▸ **Assigned task**
The expected output is the full data, repeated exactly, without pictures.

▸ **Available data**
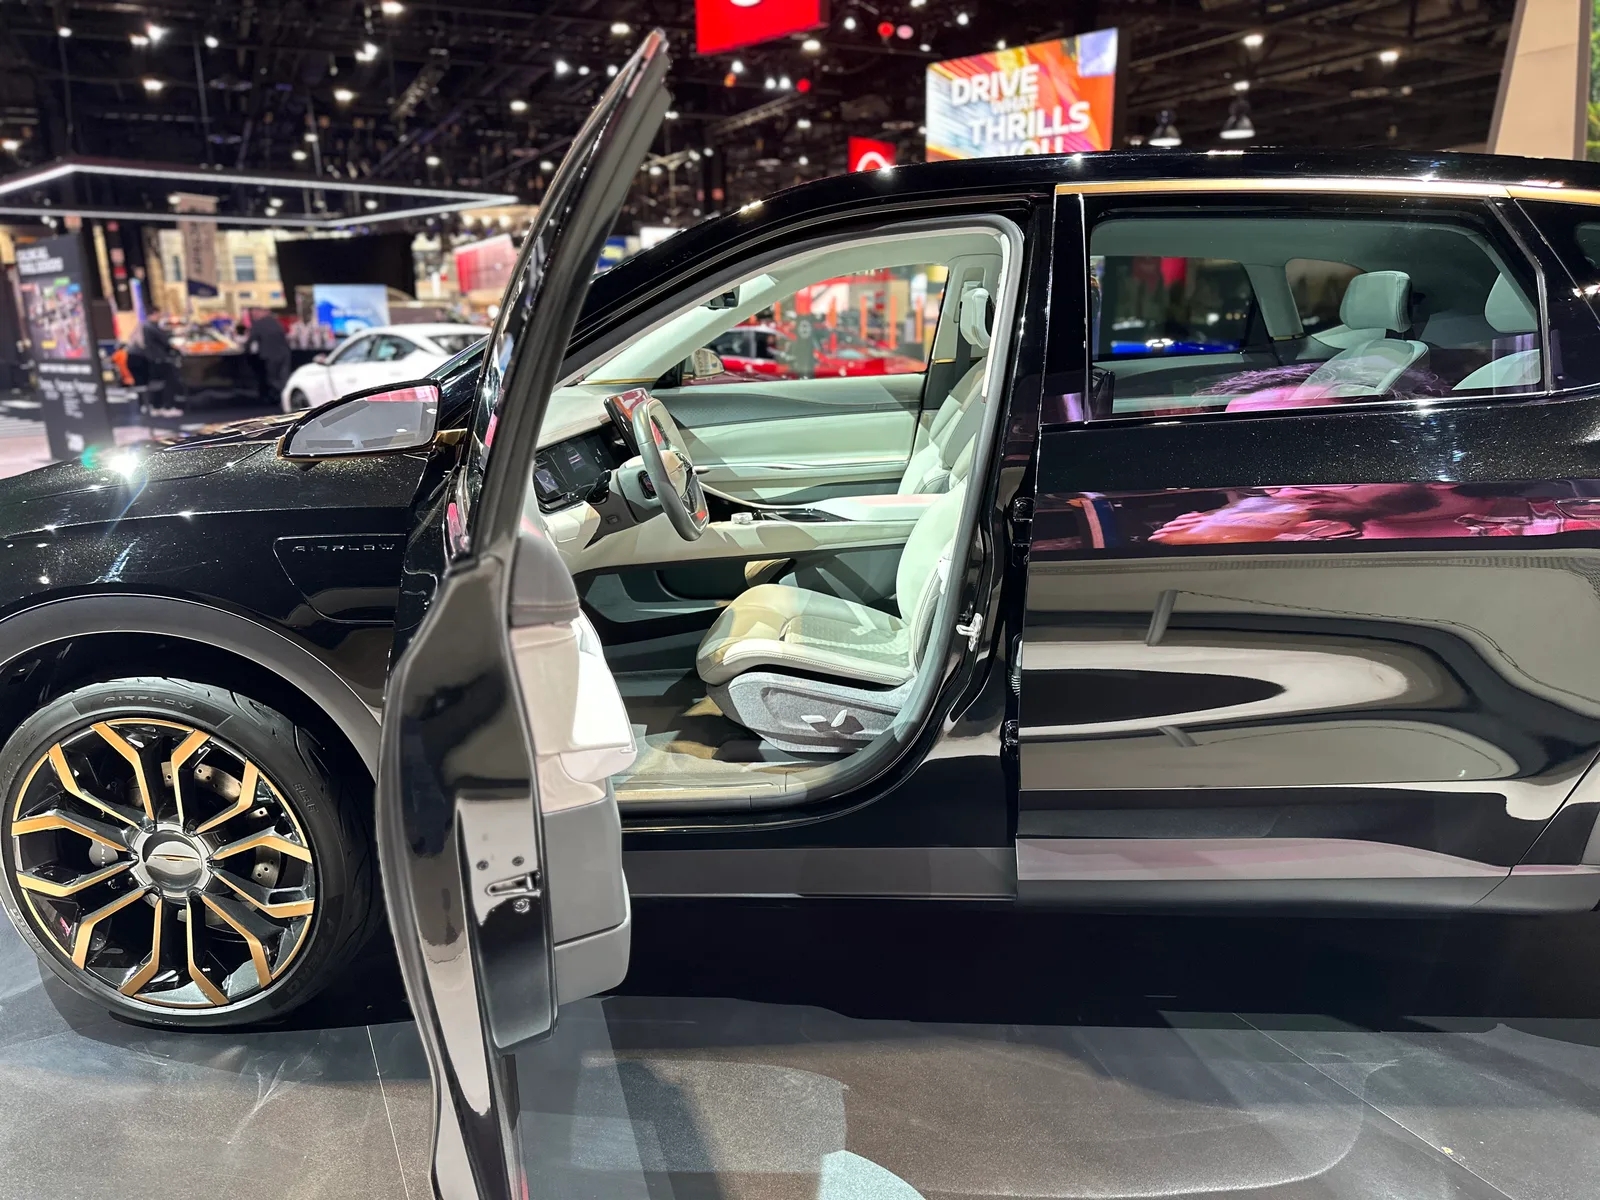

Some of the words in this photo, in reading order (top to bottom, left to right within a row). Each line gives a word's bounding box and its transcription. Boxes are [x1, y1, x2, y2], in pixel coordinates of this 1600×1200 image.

[951, 63, 1039, 106] DRIVE
[968, 101, 1091, 145] THRILLS
[291, 543, 395, 552] AIRFLOW
[103, 694, 194, 710] AIRFLOW
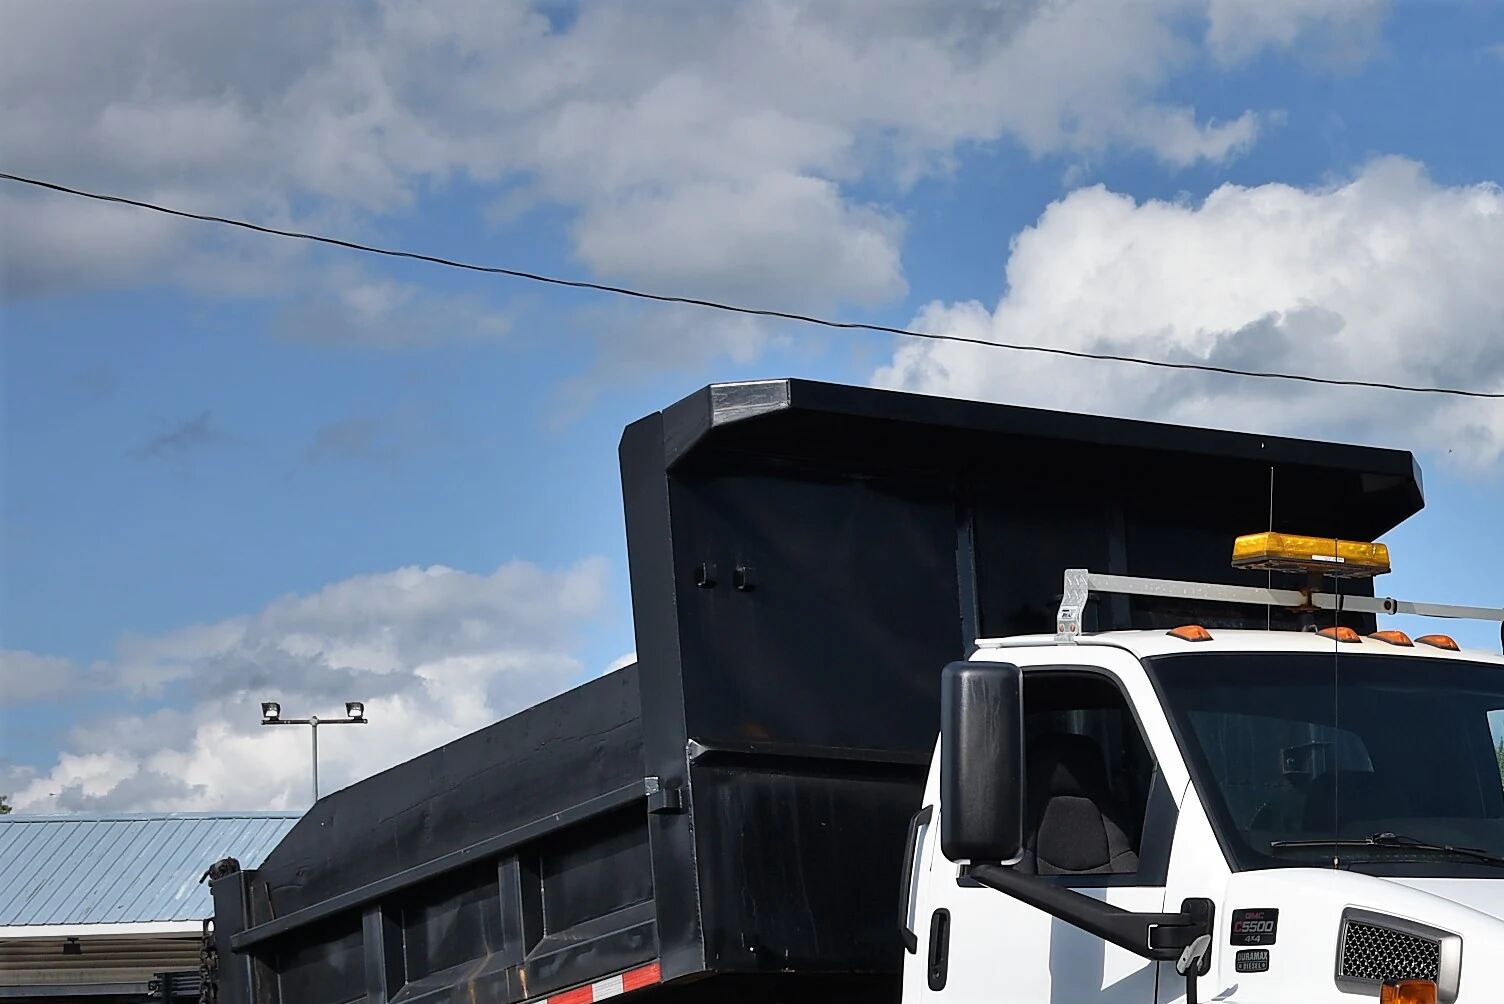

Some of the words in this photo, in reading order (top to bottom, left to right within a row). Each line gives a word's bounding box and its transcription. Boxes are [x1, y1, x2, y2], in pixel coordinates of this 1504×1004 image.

[1245, 912, 1265, 920] GMC
[1232, 920, 1274, 933] C5500
[1237, 951, 1269, 961] DURAMAX
[1243, 962, 1262, 970] DIESEL
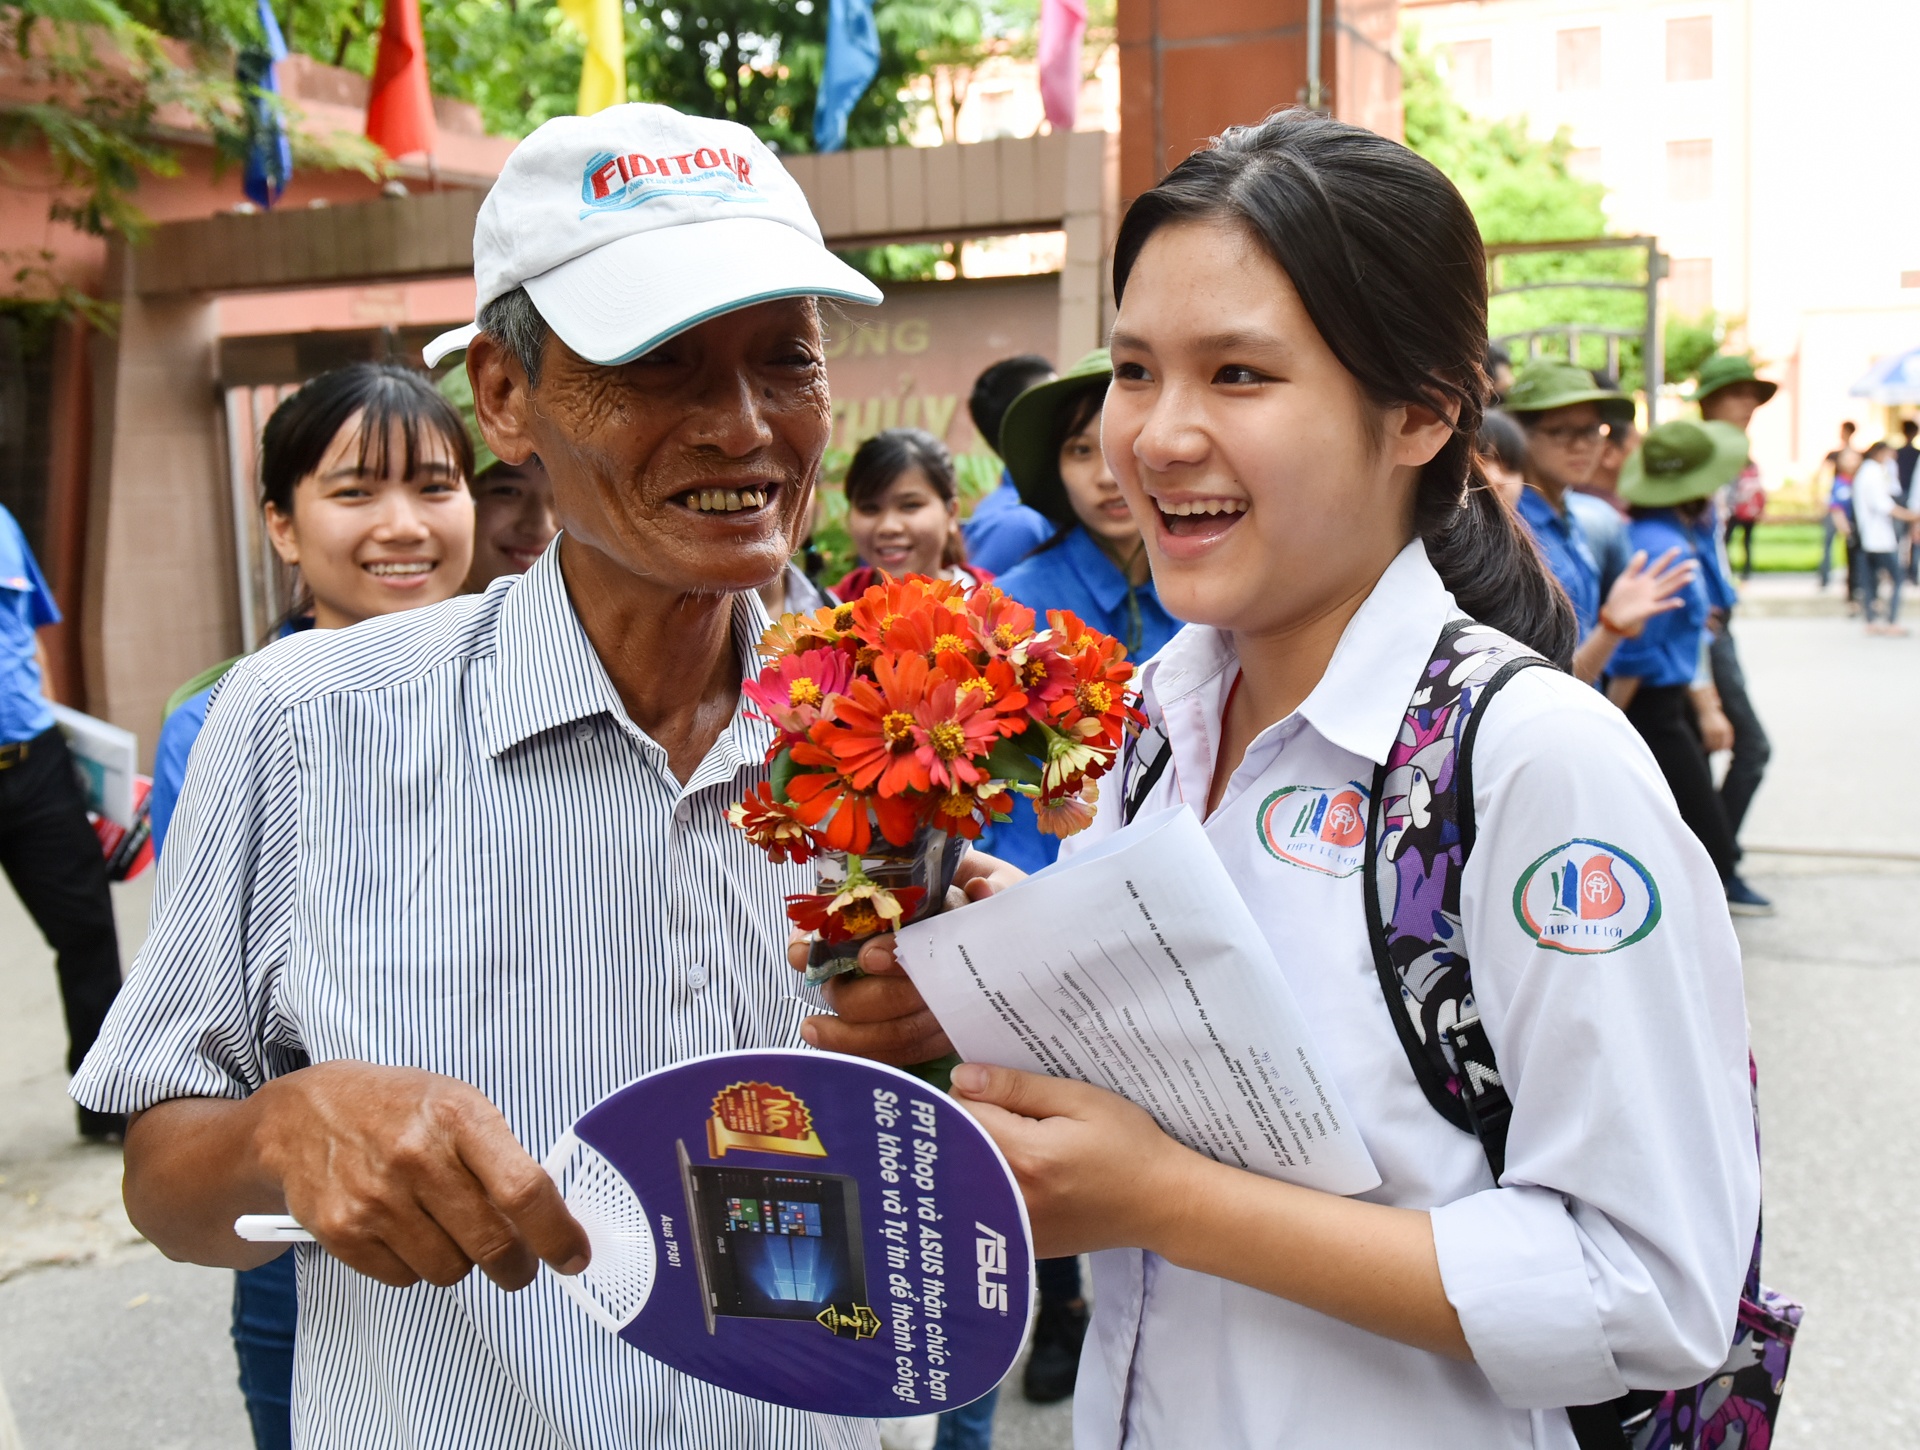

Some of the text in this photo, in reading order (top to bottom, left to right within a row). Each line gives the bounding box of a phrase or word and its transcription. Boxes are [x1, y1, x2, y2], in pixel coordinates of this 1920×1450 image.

▸ **Task solution**
Some of the words in this photo, in reading order (top to bottom, left to right within a row). Each line gives a word's bounding box and its transcription. Boxes are [x1, y1, x2, y2], in pixel coordinates of this 1600×1200 image.

[951, 63, 1039, 106] DRIVE
[968, 101, 1091, 145] THRILLS
[291, 543, 395, 552] AIRFLOW
[103, 694, 194, 710] AIRFLOW

Some of the words in this photo, in reading order (top to bottom, left to right within a row). Each line gives a word's bounding box and its transcription. Boxes are [x1, y1, x2, y2], in pixel coordinates of this 1504×1004 image.

[1245, 912, 1265, 920] GMC
[1232, 920, 1274, 933] C5500
[1237, 951, 1269, 961] DURAMAX
[1243, 962, 1262, 970] DIESEL

Some of the text in this photo, in reading order (top to bottom, left to right within a row). Each line gives the bounding box of a phrase or word and its transcription. Boxes are [x1, y1, x2, y2], in pixel coordinates of this 1920×1450 image.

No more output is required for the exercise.